Historic collections from @KewScience complement new wild collections from across South America in the quest to find the species with the highest concentration of quinine! #PPP19pic.twitter.com/F2W0AsBP6c
An interesting question that came up is that malaria didn’t come to the New World till European colonisation. So what were native people using the Cinchona tree for? It’s hard to say. Antonelli pointed out that native peoples saw it as a ‘fever tree’ and that it could have been used for other fevers, but it’s not known which one. Again, this is an argument for preserving indigenous knowledge.
Dawn Sanders followed on from her paper in PPP. It’s a call for an interdisciplinary approach to understanding plants. For her, Time is an issue. To what extent to humans share plant time? Do these temporal differences have an effect on our relationship?

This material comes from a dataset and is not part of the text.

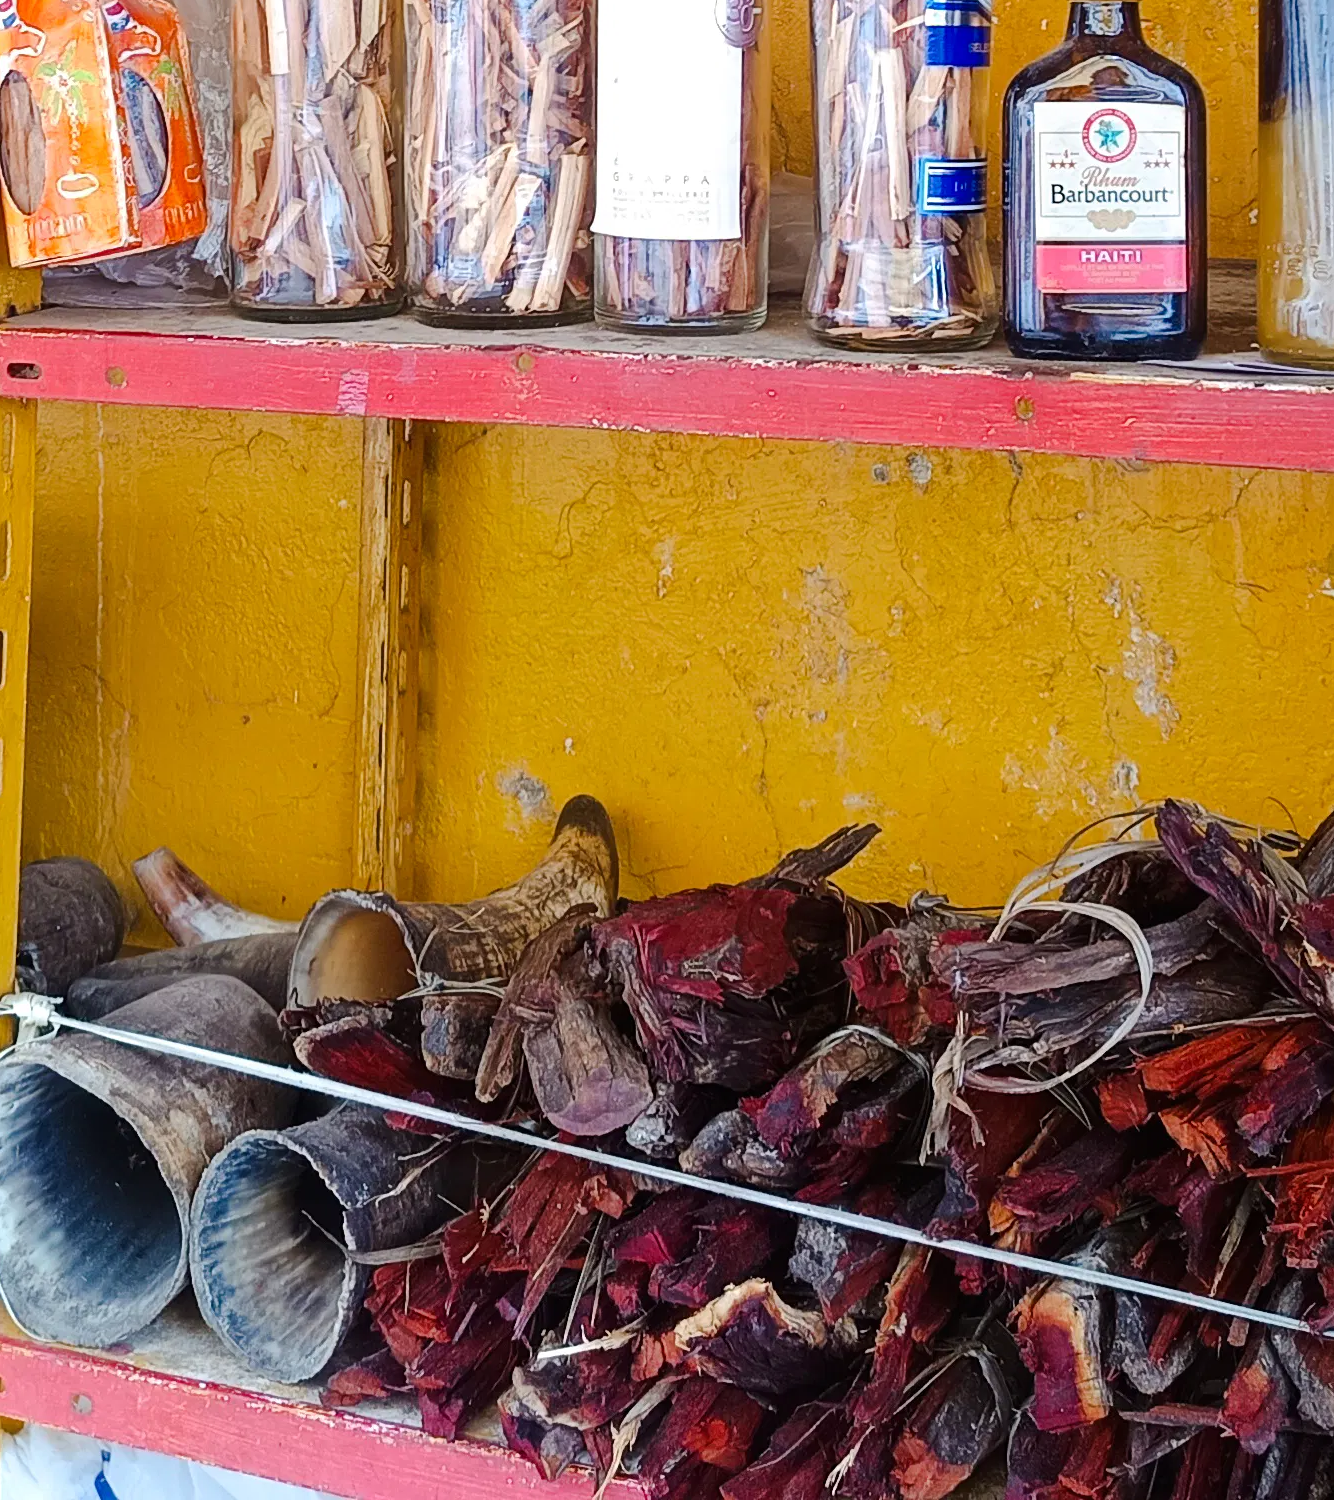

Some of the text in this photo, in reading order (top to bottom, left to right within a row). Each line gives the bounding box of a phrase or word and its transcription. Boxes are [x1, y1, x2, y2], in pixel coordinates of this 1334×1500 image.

[1079, 165, 1141, 188] Rhum
[1051, 183, 1170, 205] Barbancourt
[1079, 249, 1143, 264] HAITI

She moved on to the question of where ‘we’ end and ‘it’, nature begins. It connects to a reference she made earlier to Aloi’s article on Milan Palm controversy of 2017. One night in February, Starbucks Coffee, in collaboration with Italian architect Marco Bay, installed a grove of palm and banana trees opposite Milan’s cathedral. Some people hated it, with the palms and bananas denounced as unItalian.
‘Art as a way of thinking’ is something Sanders explored. I’m probably the worst person in the room to respond to this. I’m intellectually aware of an Arts/Science divide, but don’t live it, so it’s all a bit foreign to me. Or maybe I’m just not aware I live it, so I’m blind to it. A challenging quote from forthcoming work Sanders has is: Perhaps, more than anything, the artists created spaces in which to linger with questions of identity concerning characteristics of ‘plantness’. My reaction is that ‘plantness’ seems a very human term. We don’t have a similar block-level categorisation of ‘animals’. Some people don’t even recognise fish or insects as animals.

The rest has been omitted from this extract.